Fisher said the company has launched a full investigation, which has already found a “full complement” of bird deterrent systems were in place, including sound cannons and radar.

Suncor is consulting with wildlife experts to see what they can do to prevent further landings, Fisher said. Additional radar and sound cannons have been added to keep the birds away, she added.

READ MORE: Suncor going ahead with Fort Hills mine

A spokesperson with Alberta Energy said the AER is keeping the government updated on the situation.

“Any harm to wildlife because of tailings ponds should be preventable,” Michael McKinnon said. “Regulations that increased oversight of tailings ponds were put in place in 2008 and improved in 2013 that included stronger wildlife deterrent requirements.

“We’ve been in contact with the regulator and have assurances they’re reviewing this incident to ensure that appropriate measures have been taking place to protect wildlife and that all of the existing regulations are being followed.
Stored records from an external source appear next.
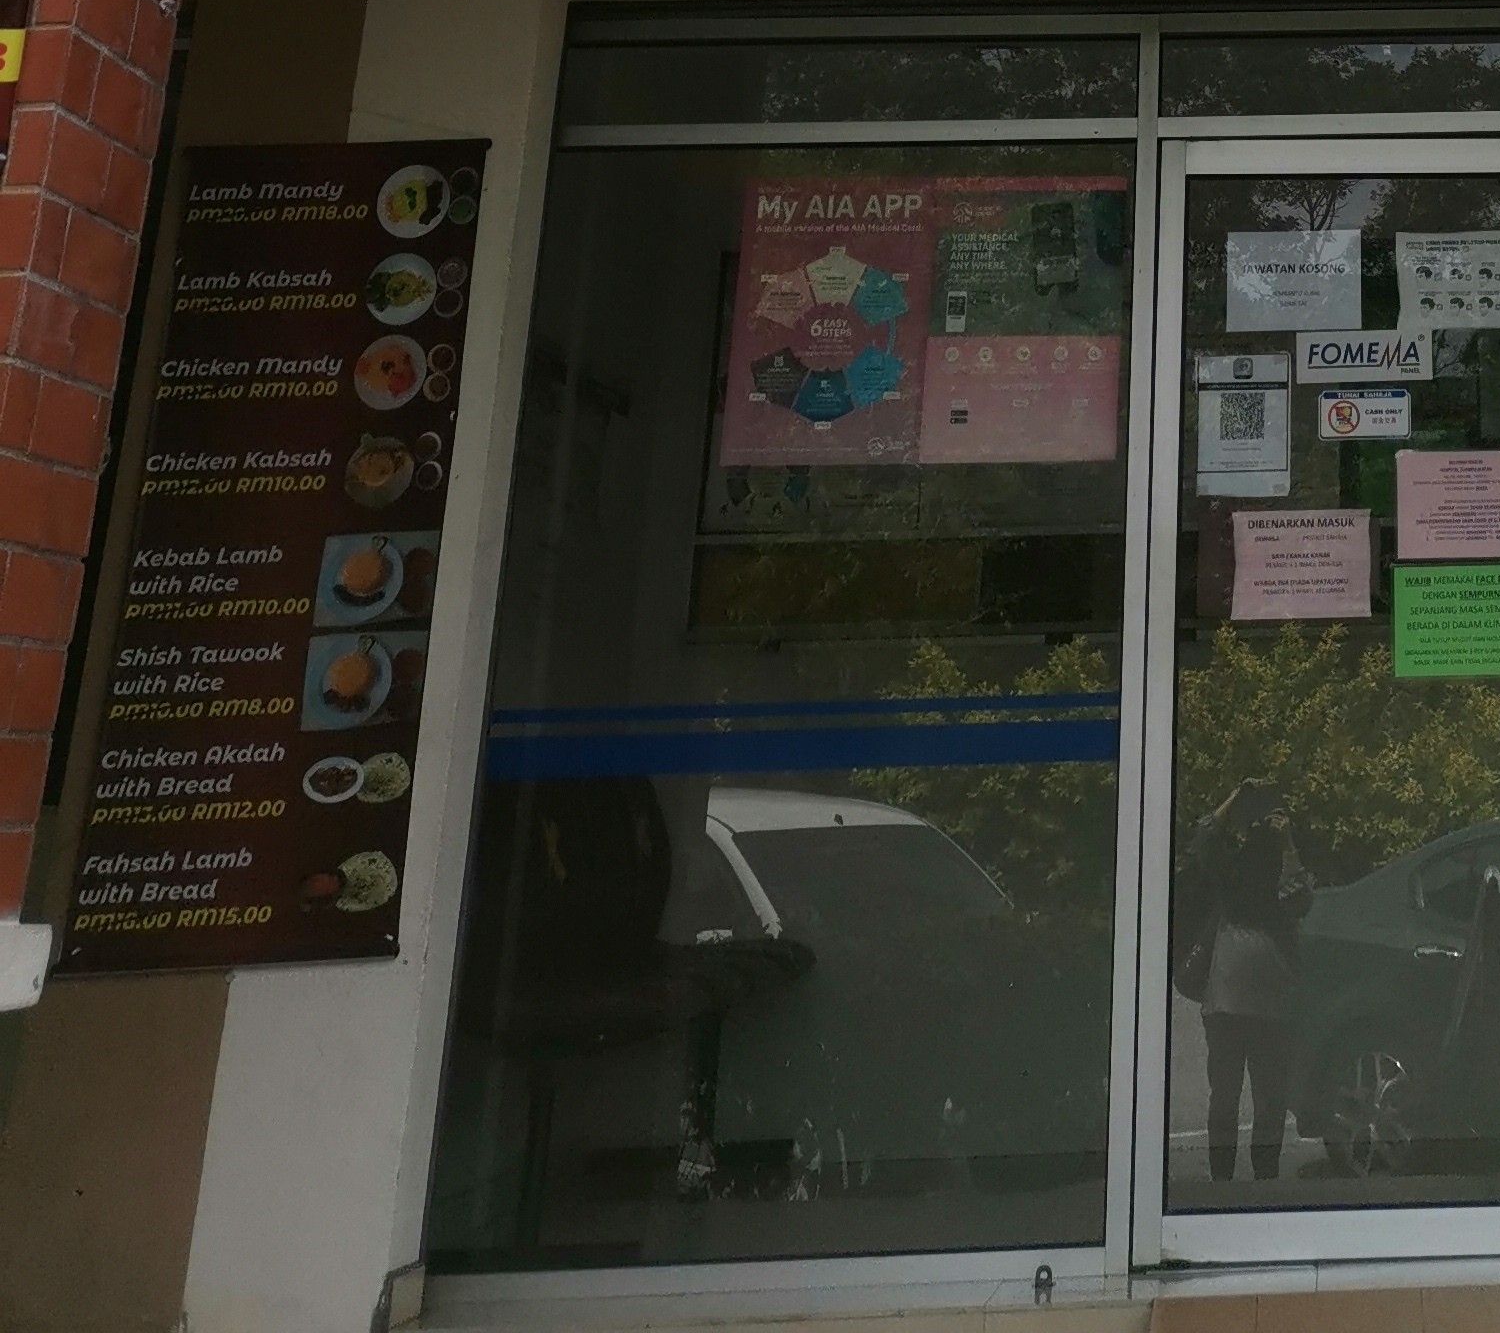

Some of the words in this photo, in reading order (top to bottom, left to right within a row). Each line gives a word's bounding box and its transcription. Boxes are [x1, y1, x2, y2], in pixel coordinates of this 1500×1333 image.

[189, 183, 253, 201] Lamb
[259, 181, 344, 202] Mandy
[281, 204, 368, 221] RM18.00
[757, 194, 799, 224] My
[805, 194, 855, 219] AIA
[862, 194, 923, 219] APP
[1299, 263, 1346, 274] KOSONG
[177, 272, 240, 291] Lamb
[246, 269, 333, 289] Kabsah
[269, 293, 357, 311] RM18.00
[810, 319, 823, 337] 6
[823, 318, 848, 327] EASY
[822, 327, 853, 337] STEPS
[160, 357, 249, 377] Chicken
[256, 355, 344, 376] Mandy
[248, 380, 339, 398] RM10.00
[146, 452, 237, 472] Chicken
[243, 448, 332, 470] Kabsah
[235, 474, 326, 493] RM10.00
[1248, 518, 1315, 530] DIBENARKAN
[1317, 517, 1355, 528] MASUK
[133, 547, 210, 568] Kebab
[216, 545, 283, 565] Lamb
[129, 574, 182, 595] with
[188, 573, 239, 593] Rice
[1405, 576, 1431, 585] WAJIB
[1433, 576, 1475, 585] MEMAKAI
[1476, 576, 1496, 584] FACE
[218, 597, 311, 616] RM10.00
[1422, 591, 1458, 600] DENGAN
[117, 645, 182, 667] Shish
[191, 641, 286, 664] Tawook
[113, 673, 167, 695] with
[173, 672, 225, 693] Rice
[208, 697, 295, 718] RM8.00
[101, 746, 198, 770] Chicken
[203, 742, 286, 765] Akdah
[96, 776, 151, 799] with
[156, 773, 234, 796] Bread
[191, 799, 286, 821] RM12.00
[83, 850, 175, 874] Fahsah
[181, 847, 253, 871] Lamb
[78, 881, 134, 905] with
[140, 878, 218, 902] Bread
[175, 905, 273, 928] RM15.00
The AER will be examining if additional actions are required.”

READ MORE: Alberta releases new plan for managing oilsands tailings ponds

Greenpeace climate and energy campaigner Mike Hudema said the “needless deaths” are an urgent reminder of the ongoing threat of tailings ponds.

“How many more incidents like this do we have to face before the government finally does something to solve the problem?” Hudema said in a media release.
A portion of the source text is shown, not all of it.